Task description: Take the line containing "this 1600×900 image." and every line after it to the end of the data, and write them out exactly as they appear.

Dataset:
==*==

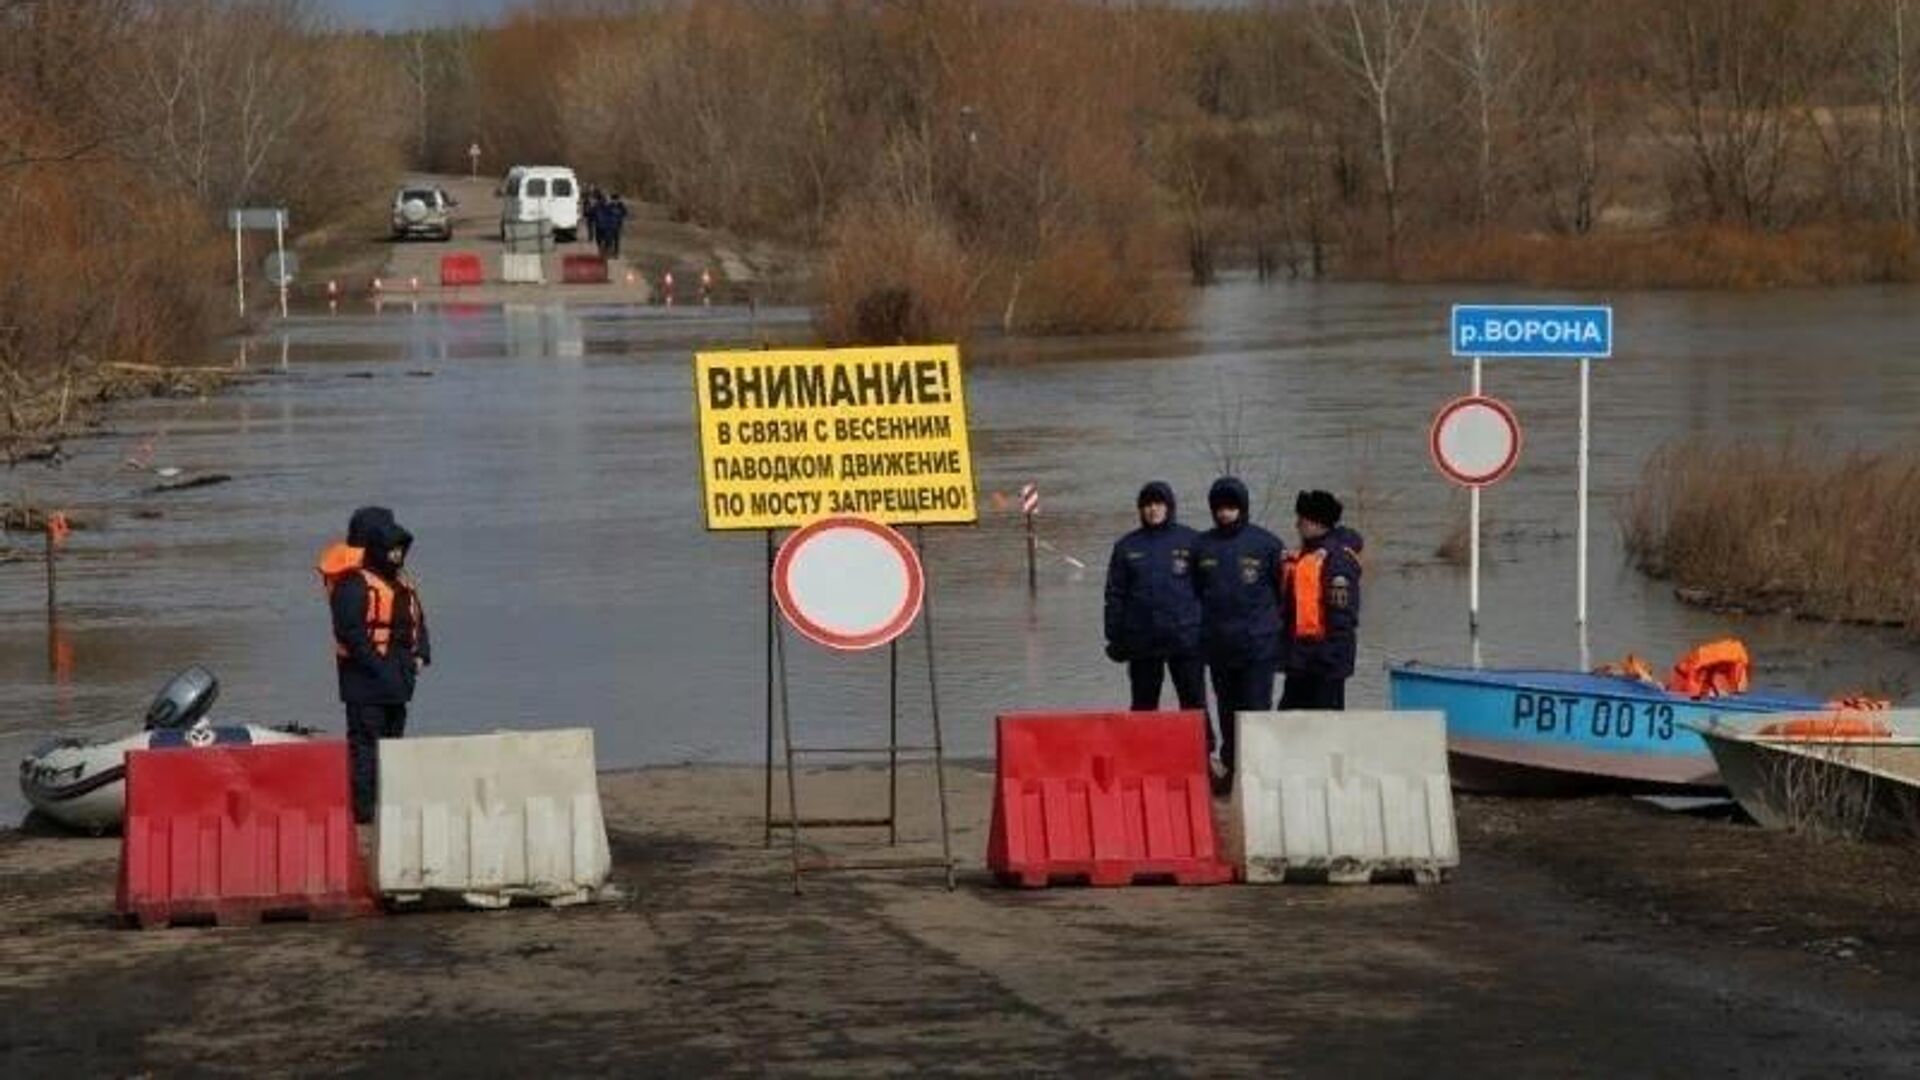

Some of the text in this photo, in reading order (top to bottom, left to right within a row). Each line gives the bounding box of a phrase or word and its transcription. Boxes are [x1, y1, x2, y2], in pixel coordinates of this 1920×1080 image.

[708, 360, 952, 409] ВНИМАНИЕ!
[717, 415, 951, 445] В СВЯЗИ С ВЕСЕННИМ
[714, 450, 961, 483] ПАВОДКОМ ДВИЖЕНИЕ
[715, 485, 967, 517] ПО МОСТУ ЗАПРЕЩЕНО!
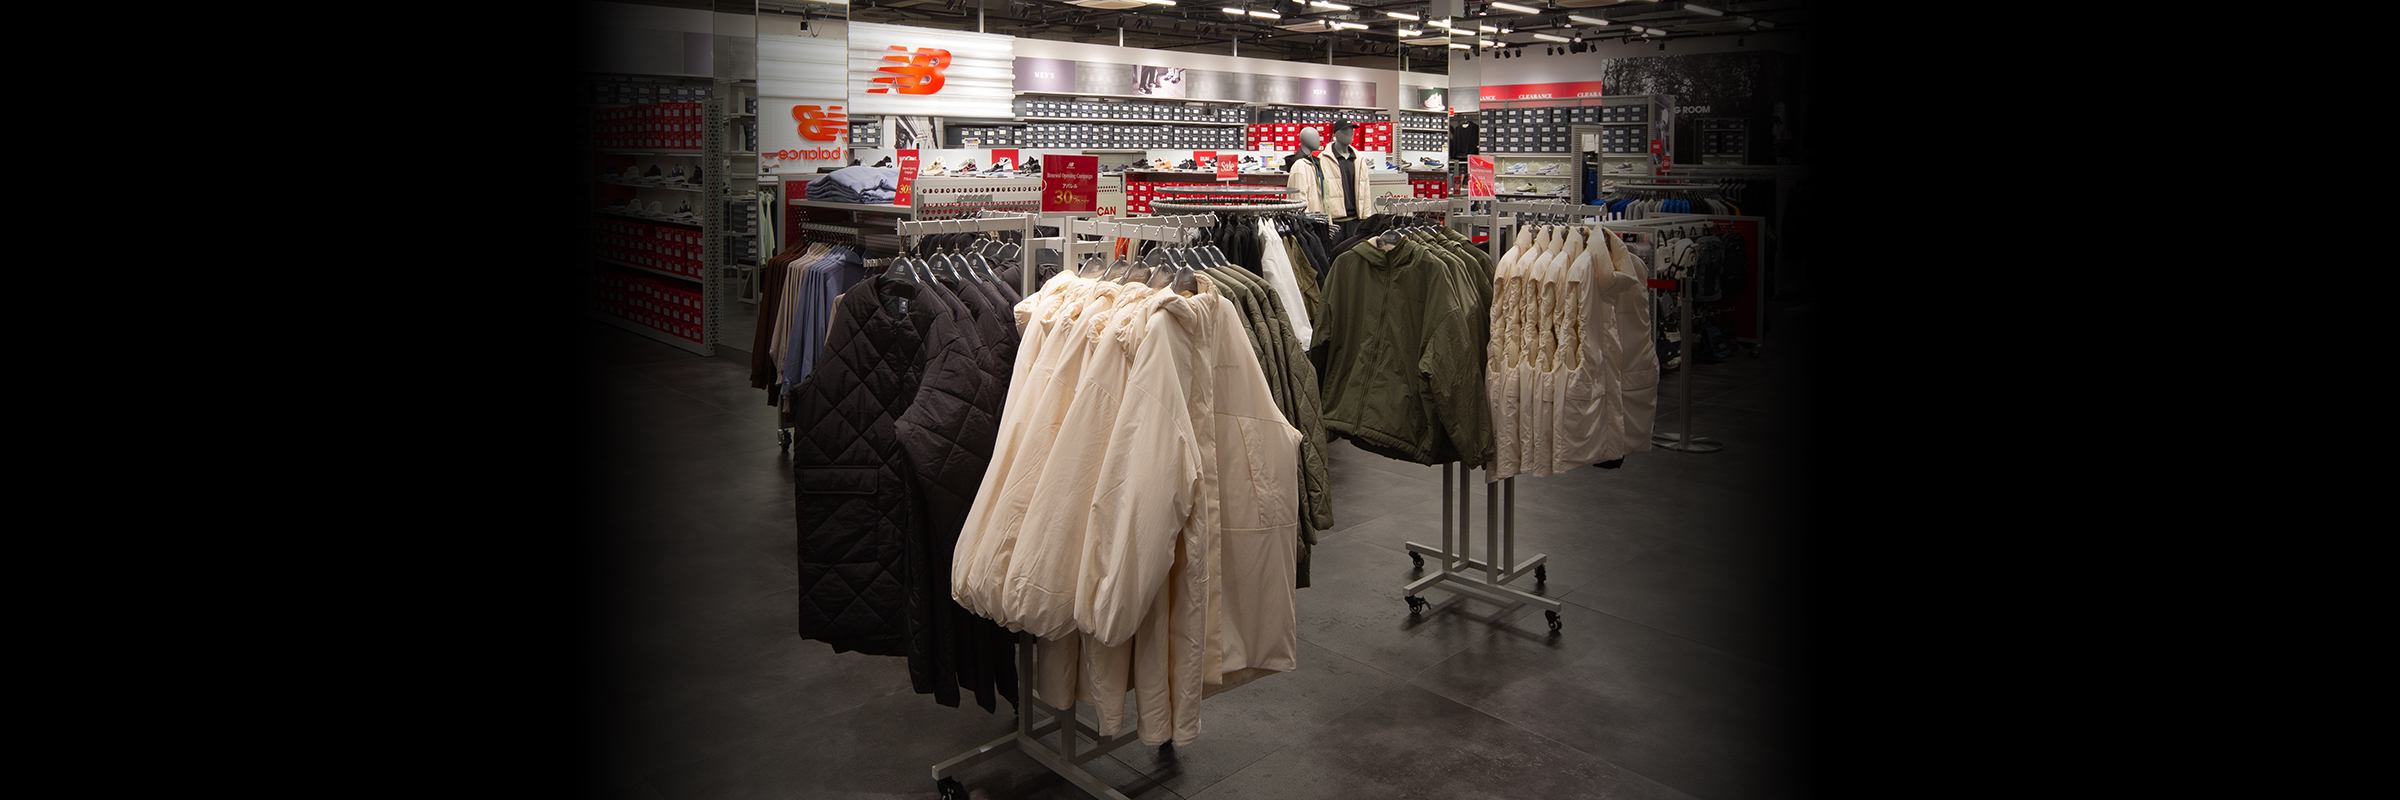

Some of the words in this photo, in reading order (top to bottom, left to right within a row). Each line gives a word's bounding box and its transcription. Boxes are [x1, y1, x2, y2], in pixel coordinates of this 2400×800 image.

[1034, 71, 1055, 79] MEN'S
[1682, 105, 1711, 114] ROOM
[1220, 161, 1235, 172] Sale
[1097, 206, 1116, 216] CAN
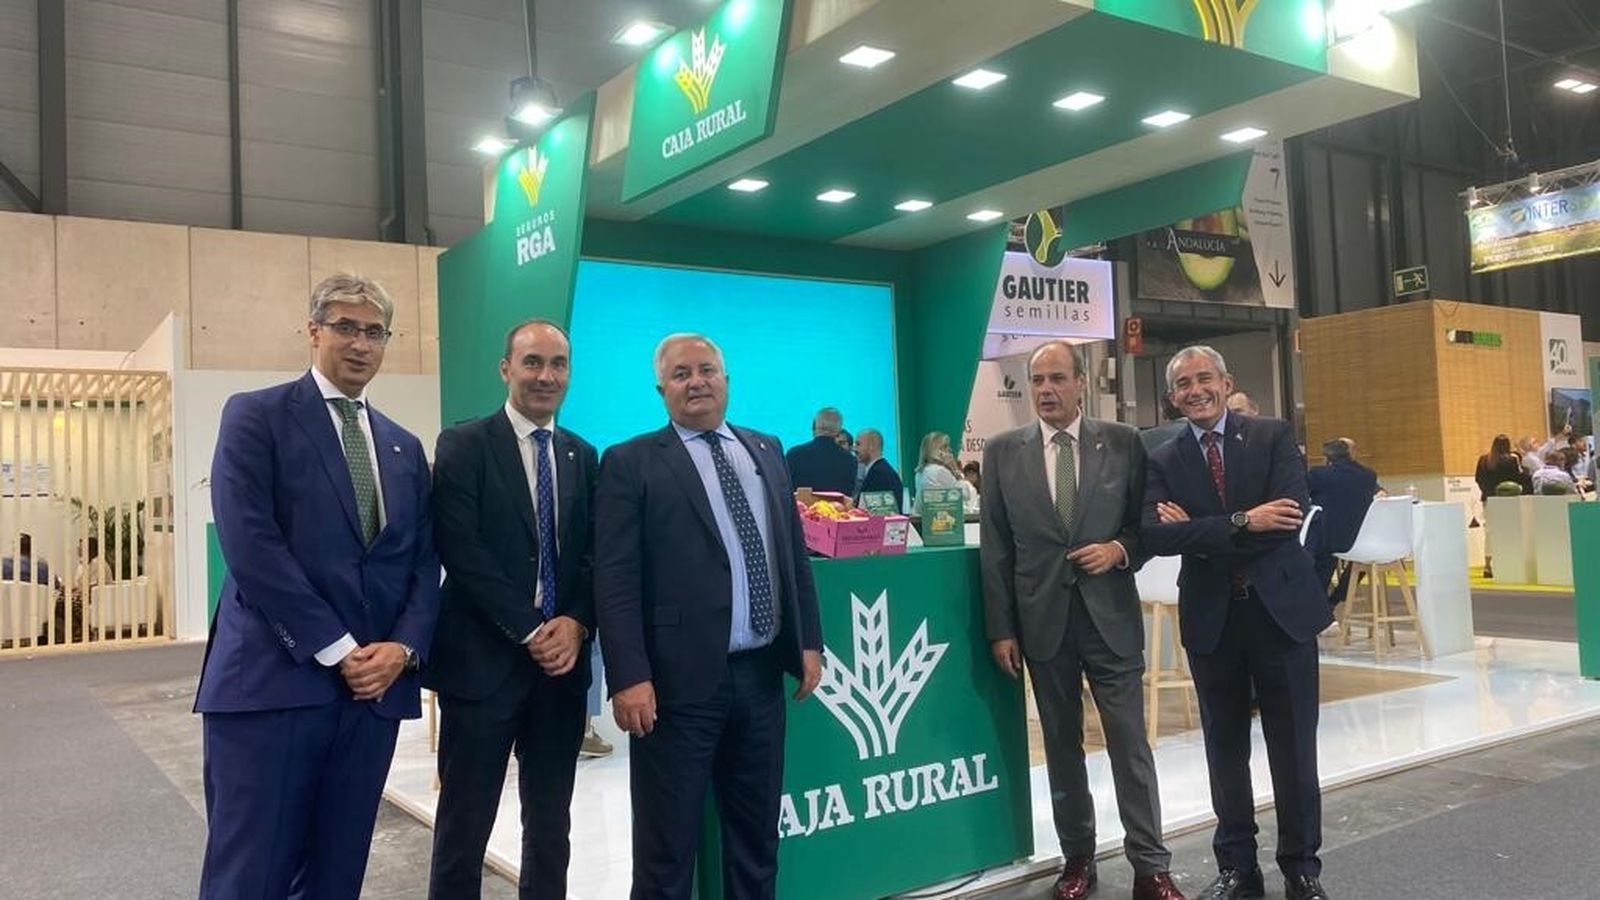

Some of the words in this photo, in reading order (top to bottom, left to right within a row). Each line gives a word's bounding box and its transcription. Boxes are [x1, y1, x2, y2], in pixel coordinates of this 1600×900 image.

[662, 127, 694, 158] CAJA
[696, 99, 746, 143] RURAL
[516, 226, 556, 266] RGA
[1002, 274, 1089, 304] GAUTIER
[1004, 304, 1090, 321] semillas
[777, 783, 855, 838] AJA
[862, 753, 999, 819] RURAL

==*==

Response:
Some of the words in this photo, in reading order (top to bottom, left to right within a row). Each line gives a word's bounding box and its transcription. Boxes are [x1, y1, x2, y2], in pixel coordinates of this 1600×900 image.

[662, 127, 694, 158] CAJA
[696, 99, 746, 143] RURAL
[516, 226, 556, 266] RGA
[1002, 274, 1089, 304] GAUTIER
[1004, 304, 1090, 321] semillas
[777, 783, 855, 838] AJA
[862, 753, 999, 819] RURAL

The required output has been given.